Google’s TPU (Tensor Processing Unit), for example, is a custom type of ASIC designed specifically for accelerating machine learning tasks. Third generation TPUs have two to four times the flops of the widely used Nvidia V100 GPUs, despite the GPUs being fabricated on a 12 nm node and the TPUs only being fabricated on a 16 nm node. But despite a zoo of emerging competitors developing special-purpose architectures, as of 2022 Nvidia’s latest generation of GPUs, the H100s, are still the leaders on a standard MLPerf benchmark test.

So, while in principle special-purpose AI chips could get more flops with the same number of transistors, and while they are often cheaper on specific training tasks, they haven’t yet come out firmly ahead of standard GPU architectures at maximum processing speed.

The third path involves replacing transistors with other kinds of switches. There’s no physical law that says computation has to be done with transistors. Alternative models for computation, which include optical computing and memristors, could be faster and scale better, but most of these are still in their infancy.

Optical computing uses light instead of electrons for computation, which results in less energy and heat.
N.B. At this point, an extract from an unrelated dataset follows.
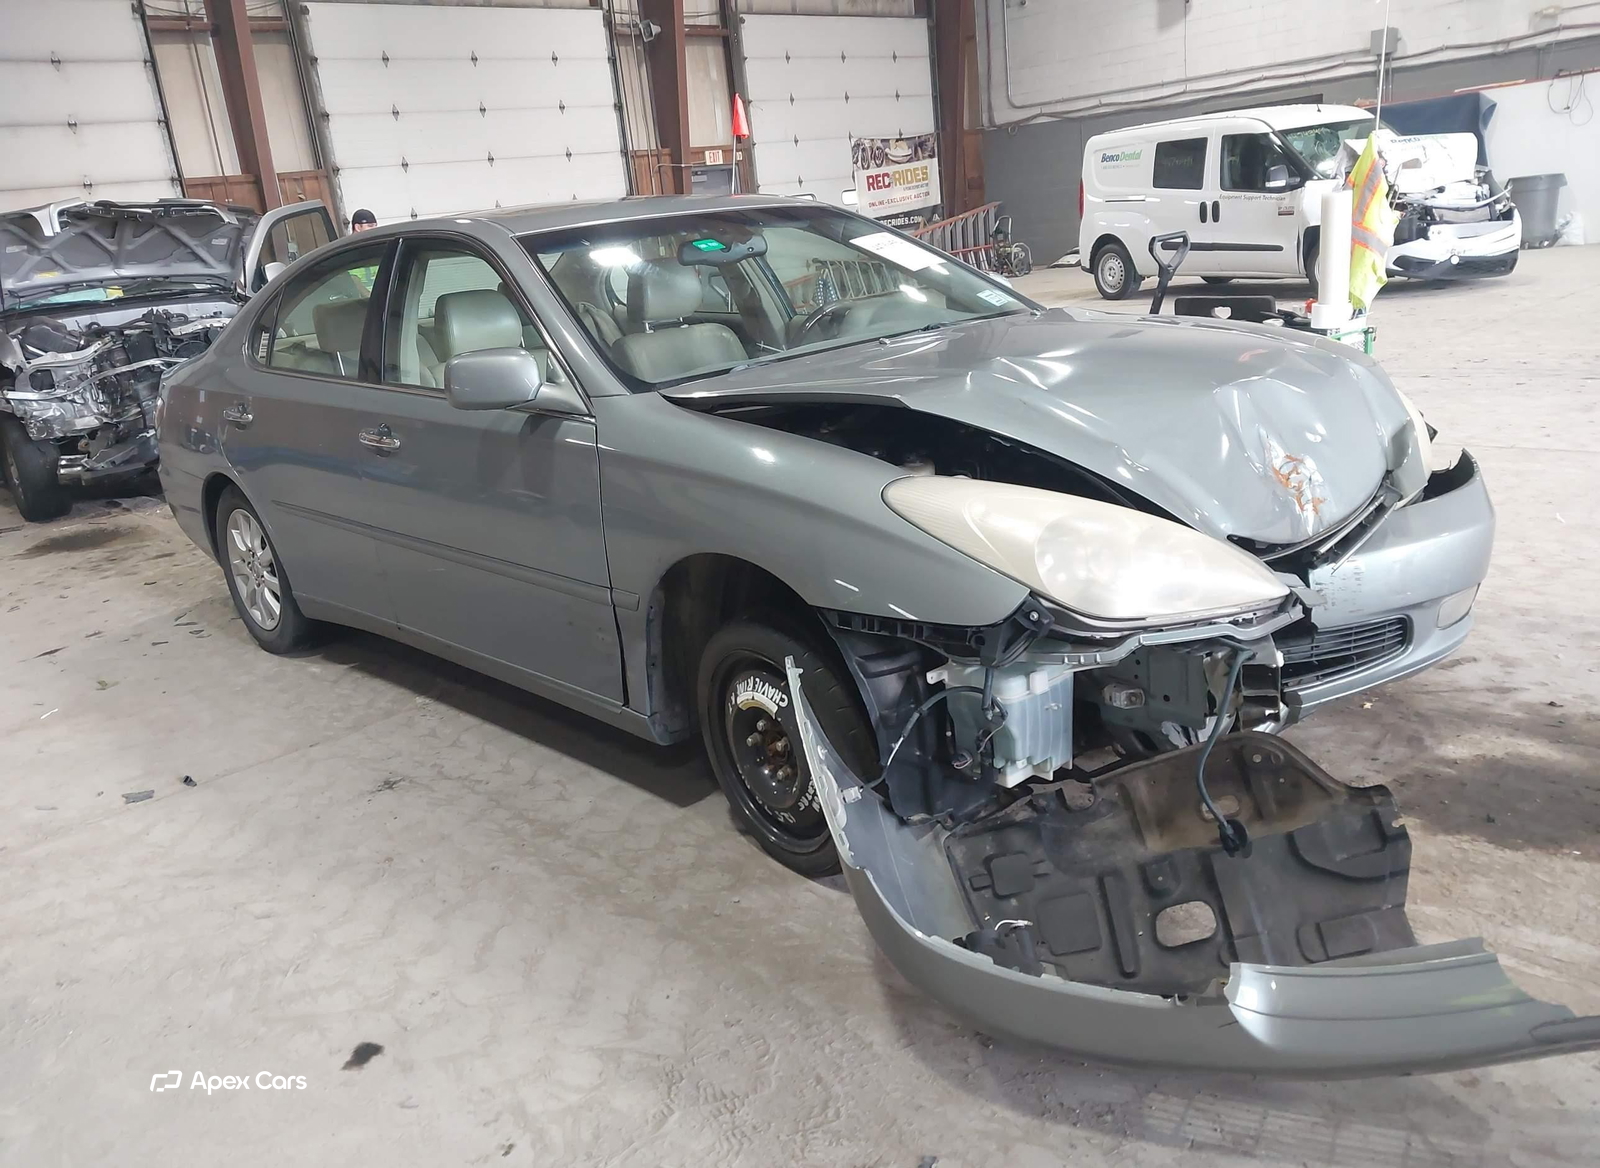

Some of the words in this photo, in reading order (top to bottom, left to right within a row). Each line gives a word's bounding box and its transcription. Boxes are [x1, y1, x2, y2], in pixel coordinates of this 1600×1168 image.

[709, 151, 720, 163] EXIT
[866, 172, 891, 192] REC
[893, 166, 928, 186] RIDES
Moreover, photons are about 20 times faster than electrons. One experimental optical switch, developed by IBM researchers, can alternate 1000 times faster than conventional transistors. A more recent result from the University of Arizona found switching speeds for an optical device that are a million times faster than transistors.
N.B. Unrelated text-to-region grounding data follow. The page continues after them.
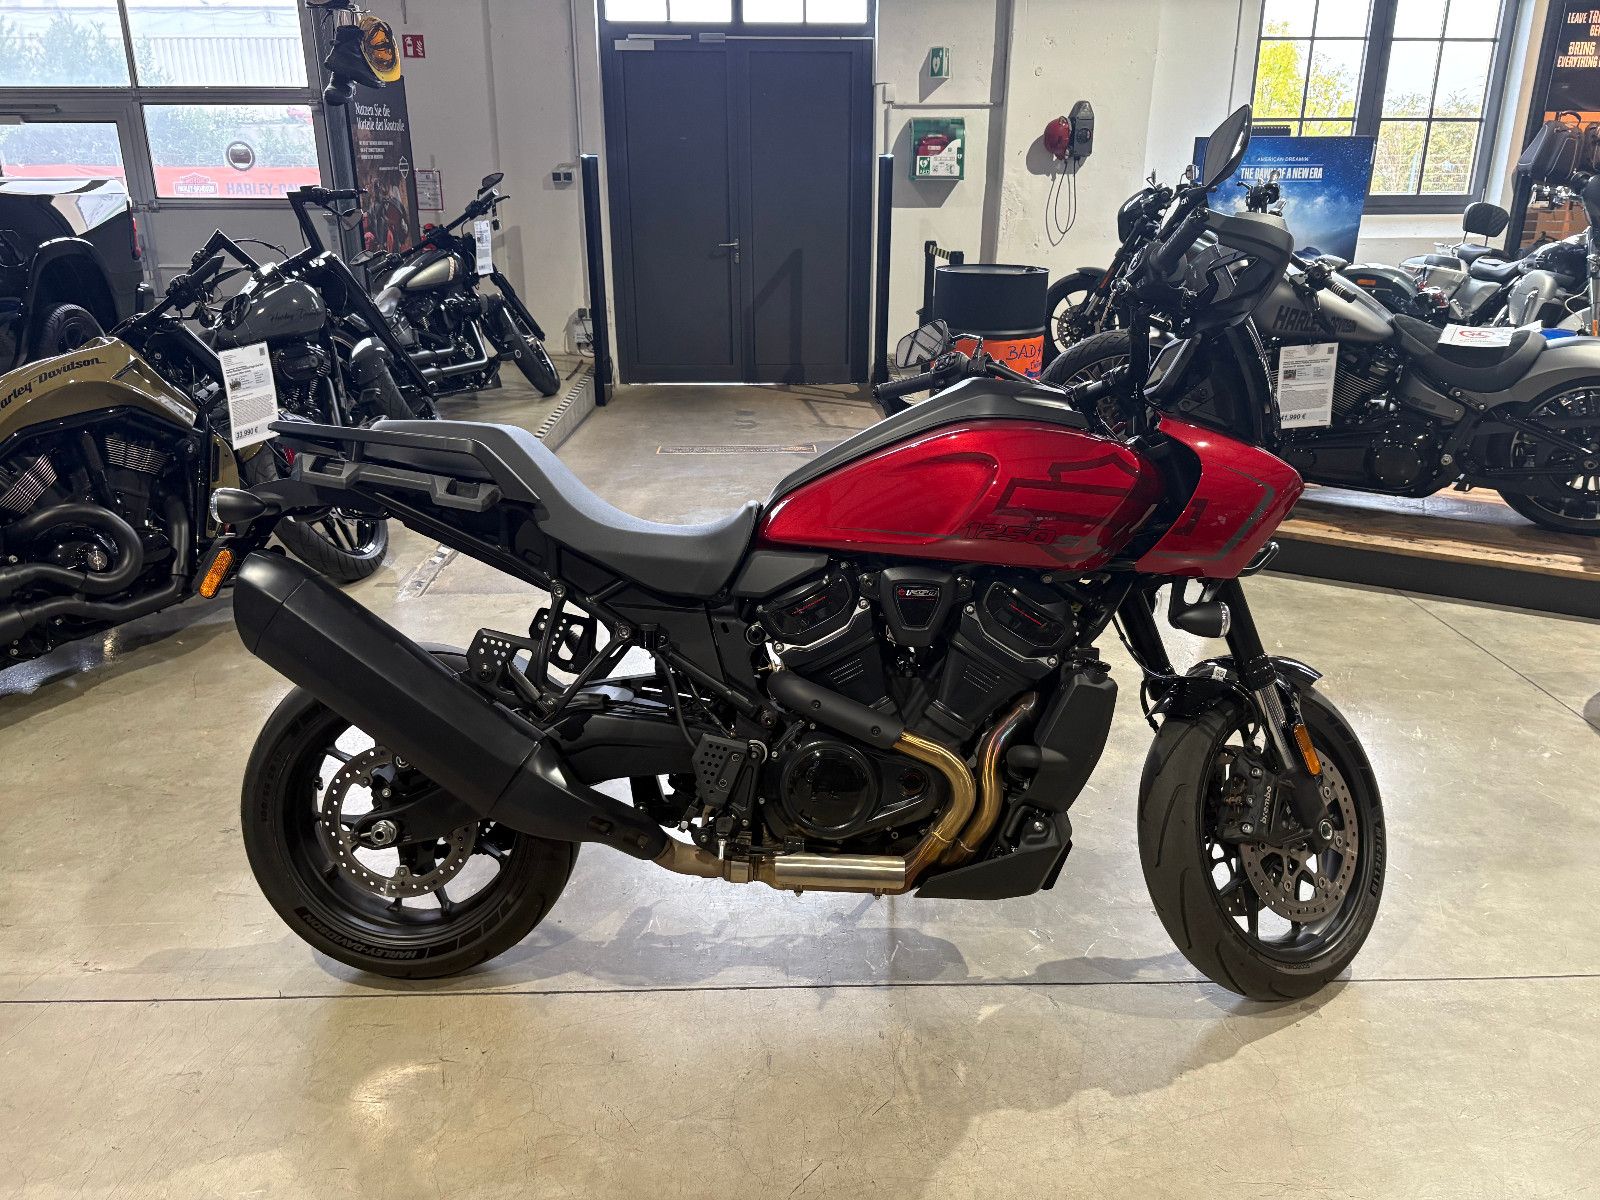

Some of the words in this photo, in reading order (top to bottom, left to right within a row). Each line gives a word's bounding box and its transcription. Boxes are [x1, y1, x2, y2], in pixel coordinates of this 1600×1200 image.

[1567, 12, 1588, 23] LEAVE
[1568, 42, 1596, 55] BRING
[1557, 56, 1598, 67] EVERYTHING
[374, 103, 382, 117] Sie
[1240, 168, 1255, 180] THE
[1255, 168, 1275, 180] DAW
[1287, 168, 1292, 180] A
[1292, 168, 1309, 180] NEW
[1309, 168, 1323, 180] ERA
[0, 357, 106, 412] arley-Davidson
[1259, 785, 1272, 825] brembo
[1370, 823, 1384, 894] MICHELIN
[302, 912, 418, 960] HARLEY-DAVIDSON
But while optical switches may be fast, they can’t be dense; to transmit light, optical waveguides can’t be much narrower than the light’s wavelength, which in this case is hundreds of nanometers. (By contrast, conventional semiconductor transistors can have feature sizes in the tens of nanometers.) So all-optical computing devices remain speculative.
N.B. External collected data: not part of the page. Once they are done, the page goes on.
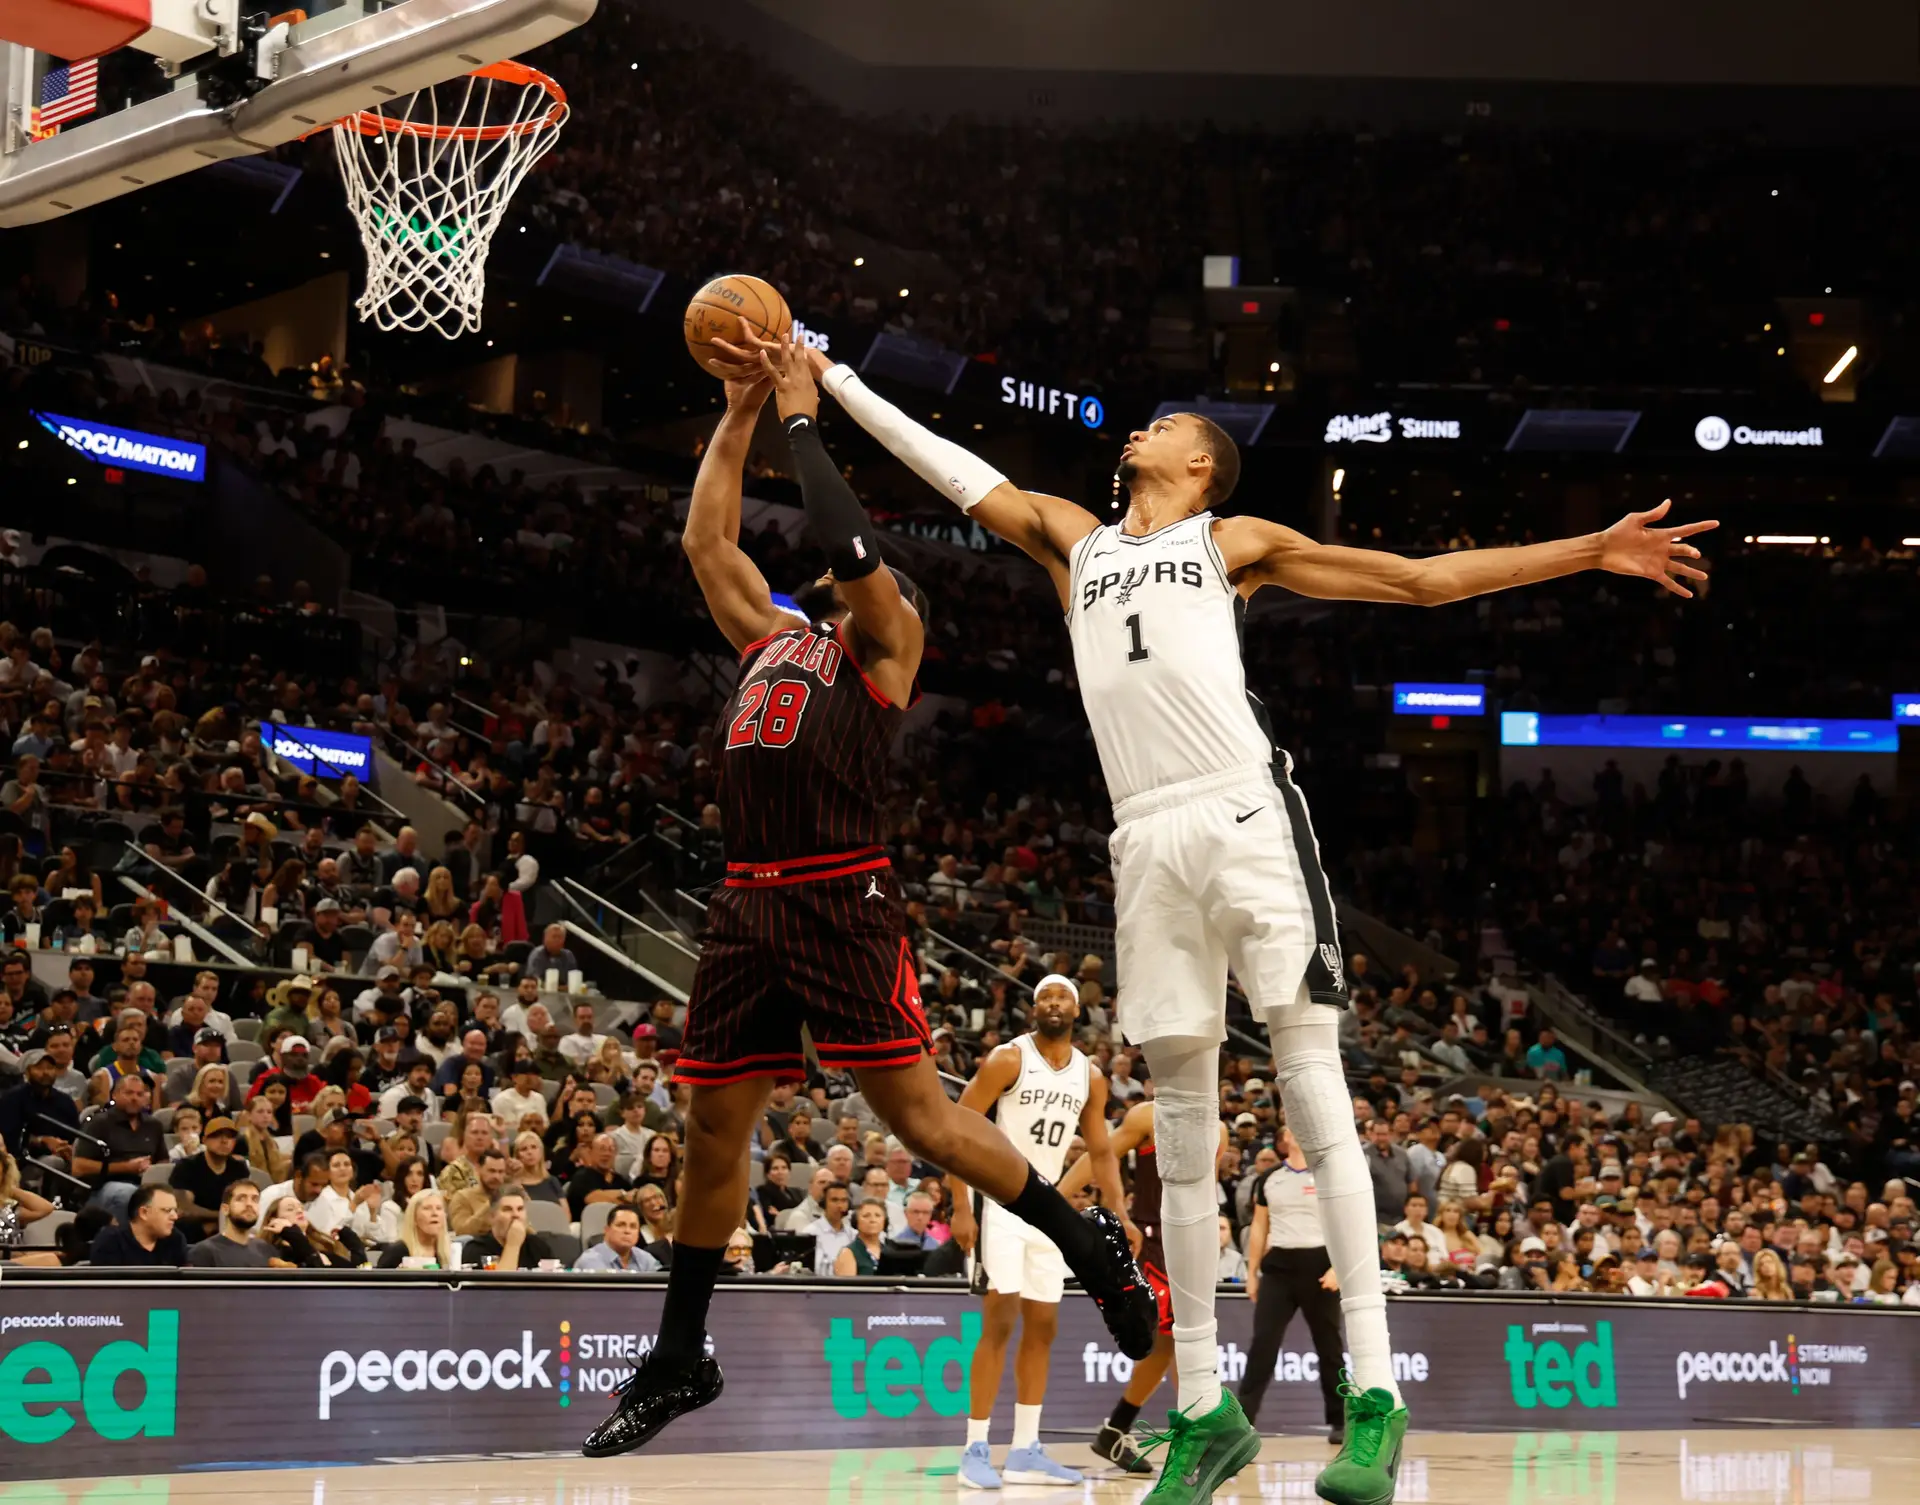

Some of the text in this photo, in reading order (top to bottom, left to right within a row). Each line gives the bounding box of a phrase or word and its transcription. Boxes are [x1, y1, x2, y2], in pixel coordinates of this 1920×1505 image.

[1733, 425, 1824, 446] Ownwell
[1084, 561, 1203, 611] SPURS
[739, 632, 843, 687] HIAGO
[1123, 611, 1150, 667] 1
[725, 678, 811, 750] 28
[1019, 1089, 1083, 1115] SPURS
[1030, 1118, 1066, 1147] 40
[1, 1312, 124, 1334] peacock ORIGINAL
[867, 1312, 909, 1331] peacock
[578, 1334, 715, 1360] STREAG
[824, 1311, 983, 1419] ted
[1082, 1342, 1134, 1383] fro
[1504, 1320, 1618, 1409] ted
[1798, 1345, 1868, 1363] STREAMING
[319, 1330, 553, 1420] peacock
[1677, 1340, 1790, 1400] peacock
[1799, 1368, 1831, 1385] NOW
Memristors are another alternative. A memristor is an electronic component whose resistance depends on the accumulated electric charge that has passed through it — in contrast to a semiconductor, whose conductivity depends on the current presence of an electric field. It’s possible memristors could scale to be smaller than transistors; the smallest ones produced in the lab are about 1 nm. But like optical computing, the technology remains unproven.

Putting together these three classes of beyond-Moore’s-law innovation, we’re looking at:

Advanced packaging and 3D designs: at least 10 times transistor density improvement by 2030, possibly continued 10 times growth into the 2030s as more layers are stacked

Special-purpose computers: up to 10 times flops speedup depending on whether greater architecture optimizations are possible

Non-transistor computation paradigms: very uncertain, and might not happen at all, but could theoretically improve flops by five to 1000 times.

A moderately likely scenario, for instance, might be “Moore’s Law holds until 2040 with 3D architectures, special-purpose AI accelerators don’t provide any flops improvement, transistors remain the main building block of computation throughout the 2030s.” In such a scenario, the peak flops achieved by a GPU might grow from nearly a teraflop in 2022 to hundreds of exaflops by 2040, or a five-order-of-magnitude increase over nearly two decades.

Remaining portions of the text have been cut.